Your objective >>
Your answer should hold the data exactly as given, minus any picture.

Dataset >>
★ ★ ★ ★ ★
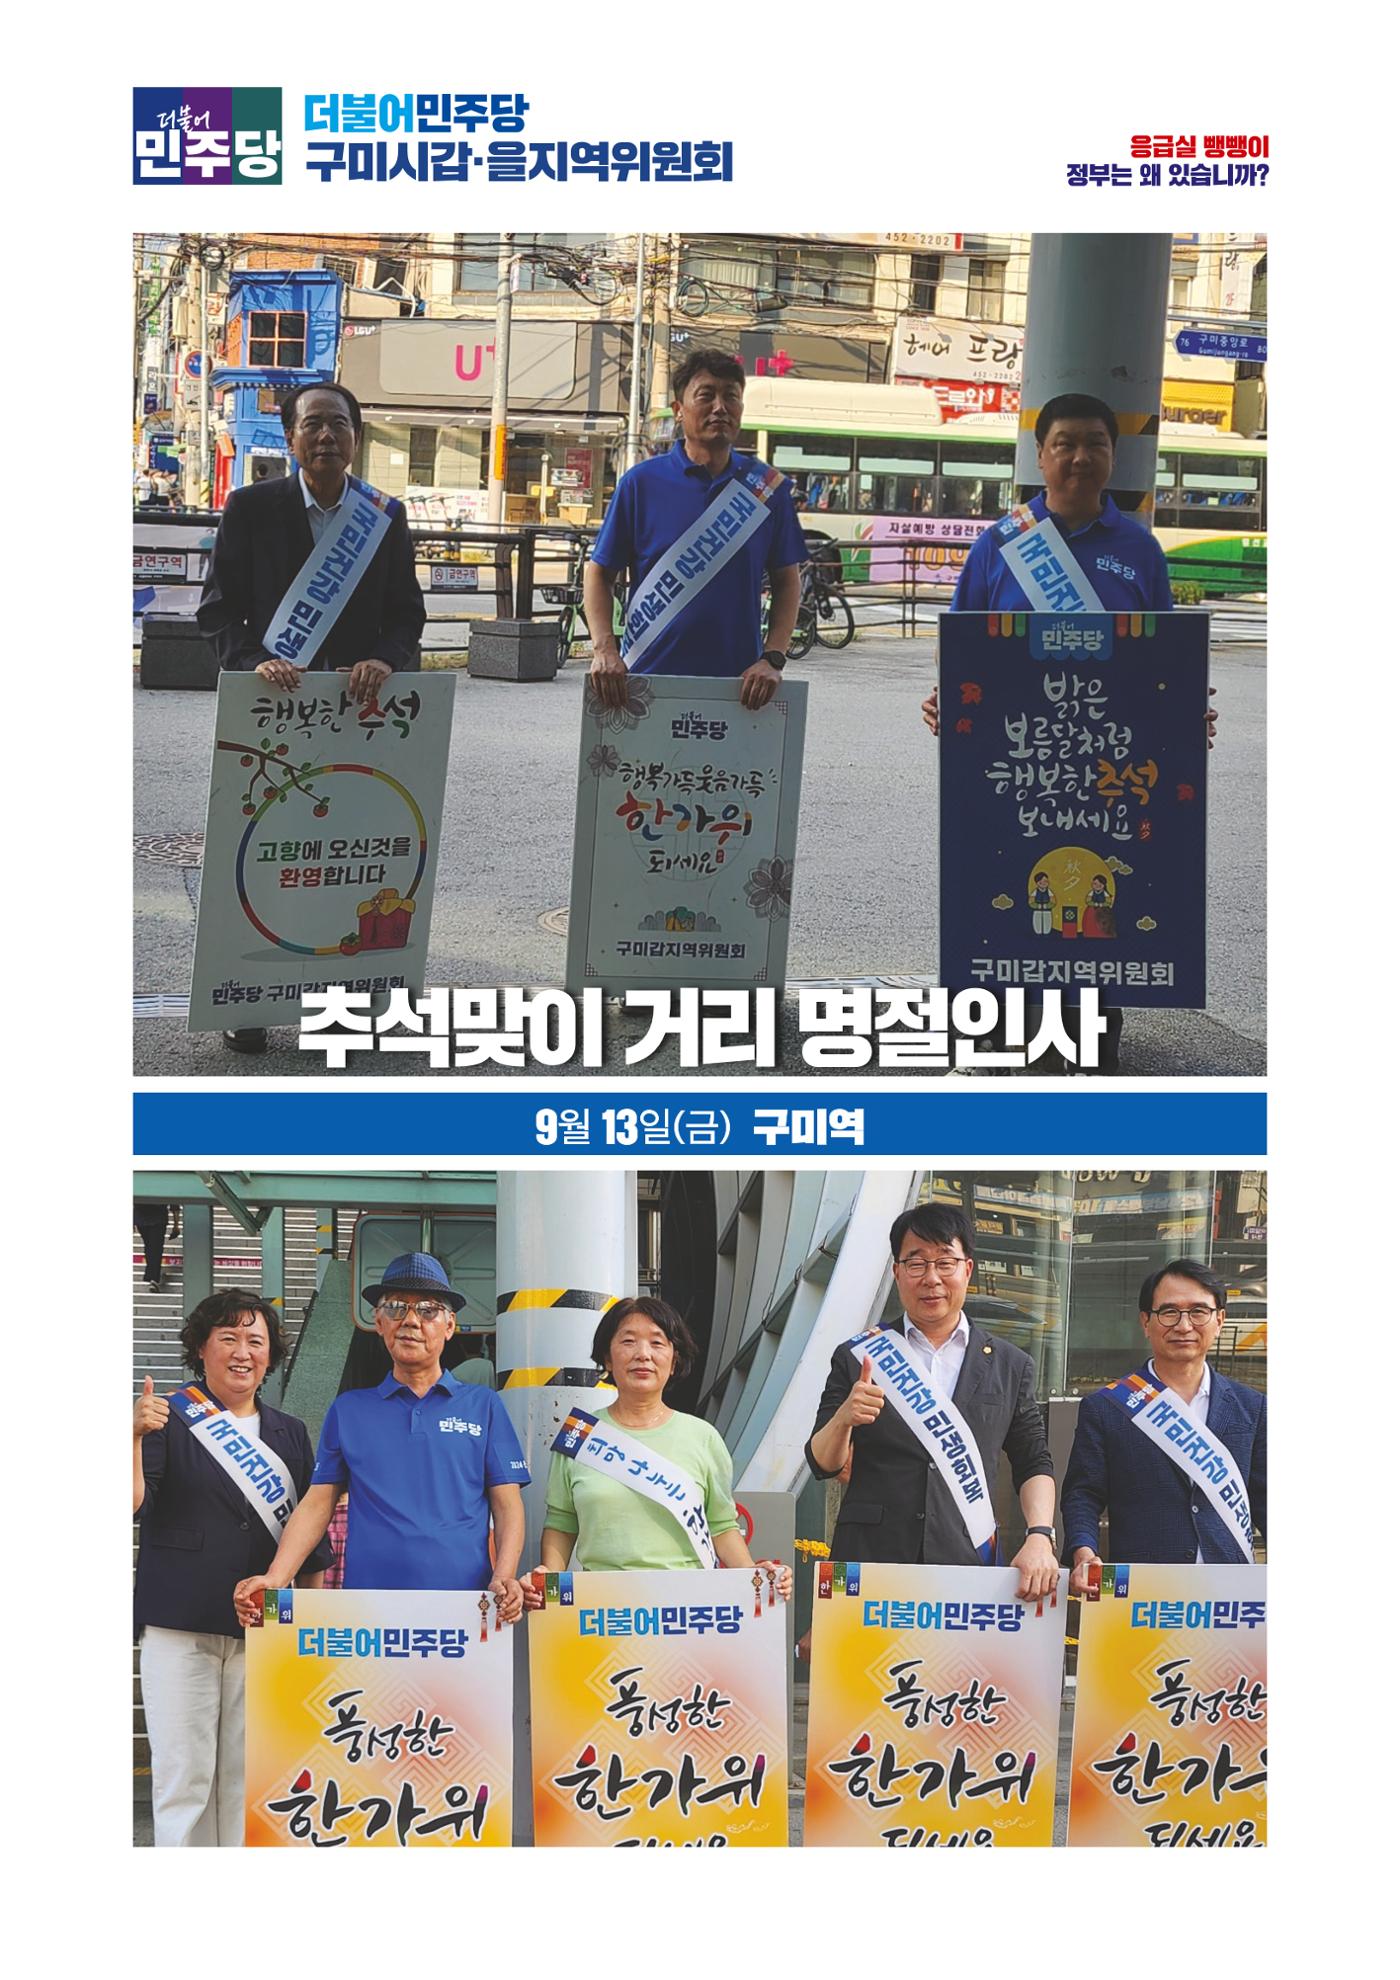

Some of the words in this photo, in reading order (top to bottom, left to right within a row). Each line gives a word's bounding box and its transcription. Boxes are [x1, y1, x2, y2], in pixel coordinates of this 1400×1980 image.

[1180, 338, 1190, 348] 76
[1199, 334, 1248, 348] 구미중앙로
[678, 491, 758, 581] 국민건강
[889, 522, 935, 535] 자살예방
[305, 502, 379, 606] 국민건강
[1095, 557, 1136, 580] 민주당
[1041, 630, 1105, 651] 민주당
[1043, 671, 1109, 719] 밝은
[250, 690, 353, 741] 행복한
[671, 718, 728, 741] 민주당
[1004, 712, 1133, 761] 보름달처럼
[616, 790, 753, 846] 한가위
[1018, 804, 1134, 841] 보내세요
[256, 840, 323, 862] 고향에
[647, 848, 717, 874] 되세요
[279, 865, 387, 889] 환영합니다
[616, 941, 746, 960] 구미갑지역위원회
[970, 959, 1175, 987] 구미갑지역위원회
[212, 985, 263, 1006] 민주당
[439, 1419, 482, 1437] 민주당
[864, 1335, 937, 1415] 국민건강
[922, 1409, 984, 1505] 민생회복
[205, 1418, 286, 1504] 국민건강
[1145, 1400, 1229, 1485] 국민건강
[579, 1605, 744, 1637] 더불어민주당
[863, 1600, 1025, 1633] 더불어민주당
[297, 1626, 469, 1660] 더불어민주당
[606, 1667, 731, 1737] 풍성한
[883, 1660, 1007, 1728] 풍성한
[1150, 1659, 1267, 1727] 풍성한
[323, 1690, 454, 1763] 풍성한
[554, 1744, 766, 1820] 한가위
[828, 1733, 1036, 1808] 한가위
[267, 1769, 490, 1848] 한가위
★ ★ ★ ★ ★
Response box >>
Some of the words in this photo, in reading order (top to bottom, left to right within a row). Each line gives a word's bounding box and its transcription. Boxes are [x1, y1, x2, y2], in pixel coordinates of this 1400×1980 image.

[1180, 338, 1190, 348] 76
[1199, 334, 1248, 348] 구미중앙로
[678, 491, 758, 581] 국민건강
[889, 522, 935, 535] 자살예방
[305, 502, 379, 606] 국민건강
[1095, 557, 1136, 580] 민주당
[1041, 630, 1105, 651] 민주당
[1043, 671, 1109, 719] 밝은
[250, 690, 353, 741] 행복한
[671, 718, 728, 741] 민주당
[1004, 712, 1133, 761] 보름달처럼
[616, 790, 753, 846] 한가위
[1018, 804, 1134, 841] 보내세요
[256, 840, 323, 862] 고향에
[647, 848, 717, 874] 되세요
[279, 865, 387, 889] 환영합니다
[616, 941, 746, 960] 구미갑지역위원회
[970, 959, 1175, 987] 구미갑지역위원회
[212, 985, 263, 1006] 민주당
[439, 1419, 482, 1437] 민주당
[864, 1335, 937, 1415] 국민건강
[922, 1409, 984, 1505] 민생회복
[205, 1418, 286, 1504] 국민건강
[1145, 1400, 1229, 1485] 국민건강
[579, 1605, 744, 1637] 더불어민주당
[863, 1600, 1025, 1633] 더불어민주당
[297, 1626, 469, 1660] 더불어민주당
[606, 1667, 731, 1737] 풍성한
[883, 1660, 1007, 1728] 풍성한
[1150, 1659, 1267, 1727] 풍성한
[323, 1690, 454, 1763] 풍성한
[554, 1744, 766, 1820] 한가위
[828, 1733, 1036, 1808] 한가위
[267, 1769, 490, 1848] 한가위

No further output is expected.